Familiarity Breeds Content: why it is good to shoot closer to home
Posted: 16 May 2019
Photographers often talk about travel, but sometimes the best images can come from a location that you’re very familiar with. In this blog, Chris Palmer (FRPS, EFIAP, DPAGB, APAGB) looks at how why he thinks photographers don’t necessarily have to go very far to get the best content.
Chris’ interest in photography began in the darkroom when he was seven years old. In 1979, he became involved in club photography as a member of Field End Photographic Society in Ruislip, Middlesex. Now a retired air traffic controller, Chris is a national PAGB judge, lecturer, serves on the RPS Fine Art panel, and holds a Distinction of the PAGB, as well as holding an APAGB award for his services to photography. He is also a member of Amersham Photographic Society, and prints on Fotospeed Platinum Gloss Art Fibre 300gsm and NST Bright White 315gsm
This fast-paced world we live in now can create an internal pressure within all of us to constantly keep moving, to strive for improvement, and to believe that the world is always better somewhere else. Photographically this can lead many a photographer to think that there’s always a better location, and perhaps a better picture, just around the corner, but probably not here?
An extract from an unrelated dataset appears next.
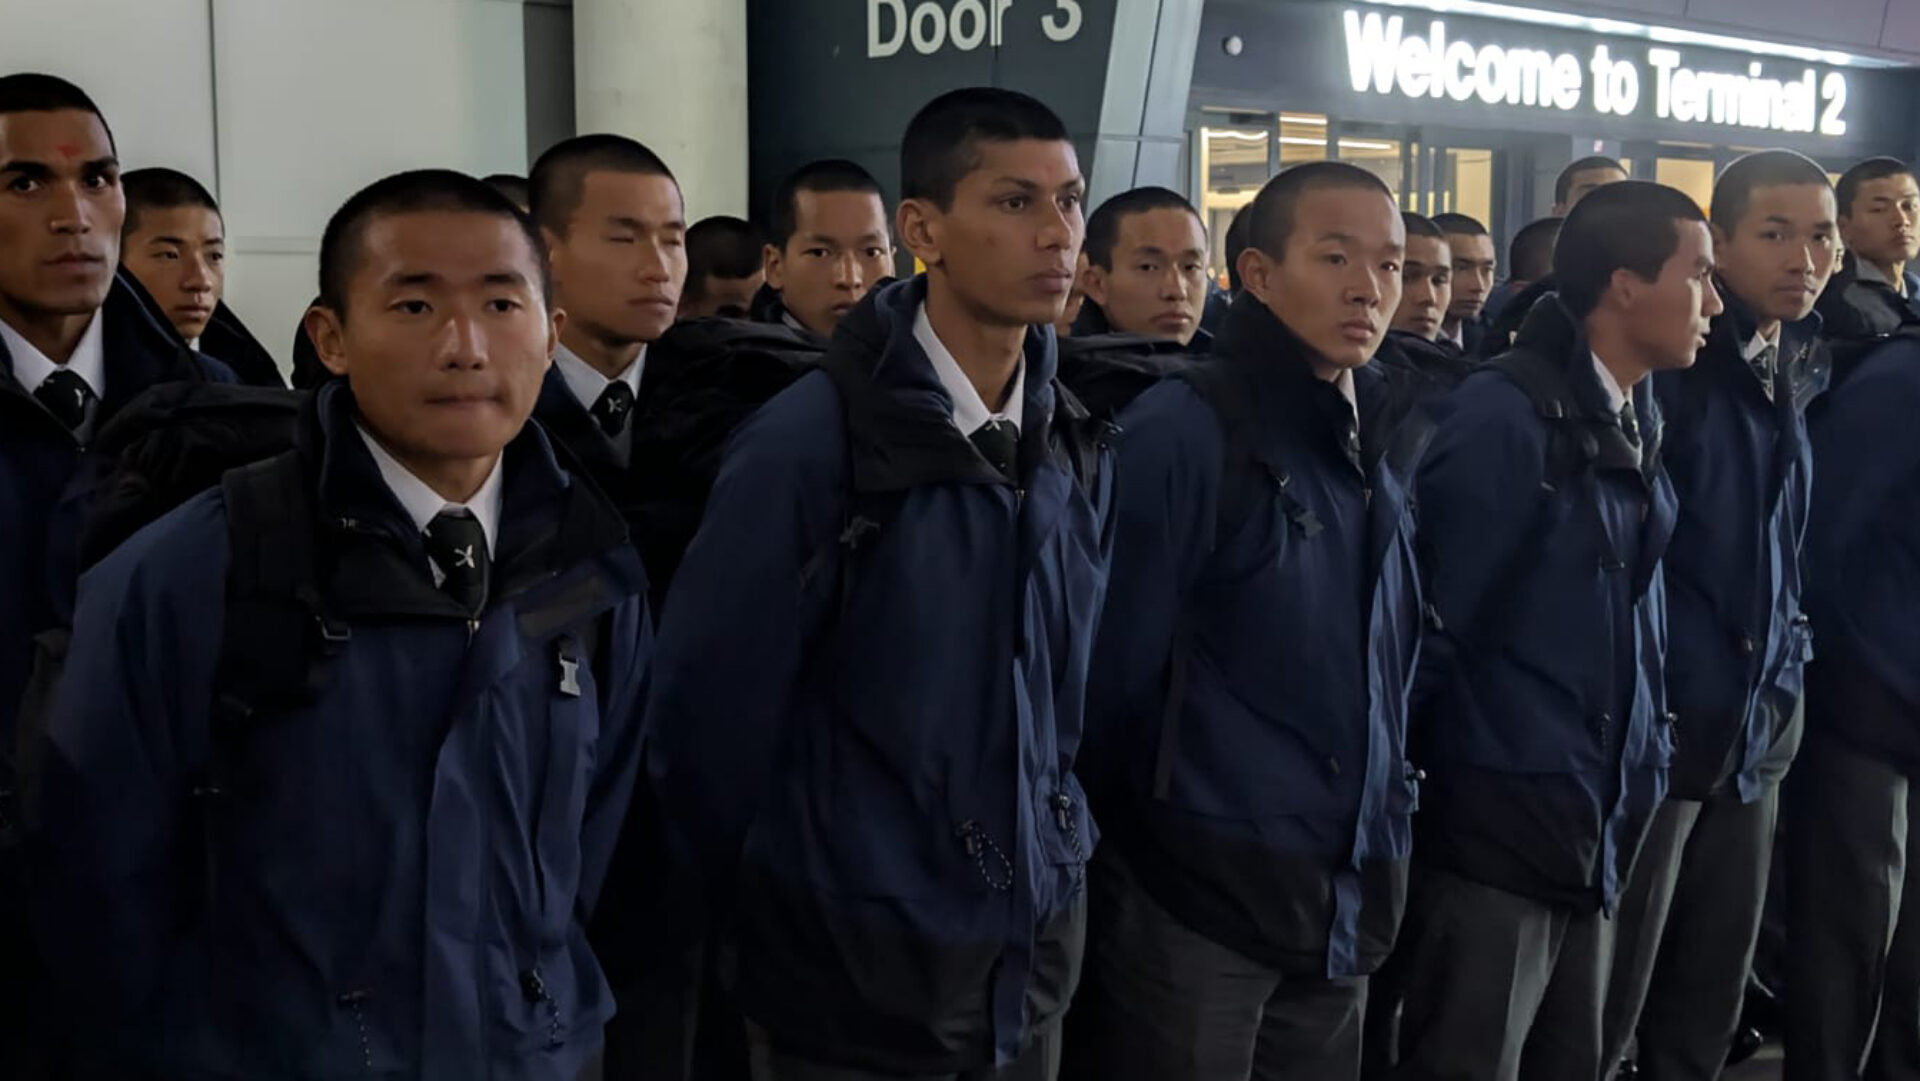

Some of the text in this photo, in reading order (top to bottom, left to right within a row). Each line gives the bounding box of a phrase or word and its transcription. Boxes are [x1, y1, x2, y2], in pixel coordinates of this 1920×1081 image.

However, this can have a detrimental effect upon our ability to ‘work’ a location, to concentrate and apply ourselves, and to capture the very best from where we are NOW. It’s a distraction!
The availability of easy travel to so many parts of the world can also lead us to dismiss the locations that might be lying on our doorstep, or within access of home. Although I too love to travel, I also like to photograph locally, and have learnt of the significant advantages that locations nearby can bring. Firstly, I know where to go, where I can park, and what gear I might need for a photographic session. Secondly, I can react quickly to the weather, and respond when the light and weather are good. Most importantly perhaps, I can also return if I don’t get the best out of a shoot, and to build up a relationship with a place.
One such location that I have photographed regularly is Stoke Common, in Buckinghamshire. It’s an area of flat common land that from the road looks to be an unpromising location. But I know that when conditions are right, (particularly in the winter), that there are pictures to be had if I make the effort to walk onto the common, and start hunting. Over a period of at least 10 years I have gradually accrued a very satisfying portfolio of images, mostly of ice, but also of the trees that surround the common, and the other vegetation too.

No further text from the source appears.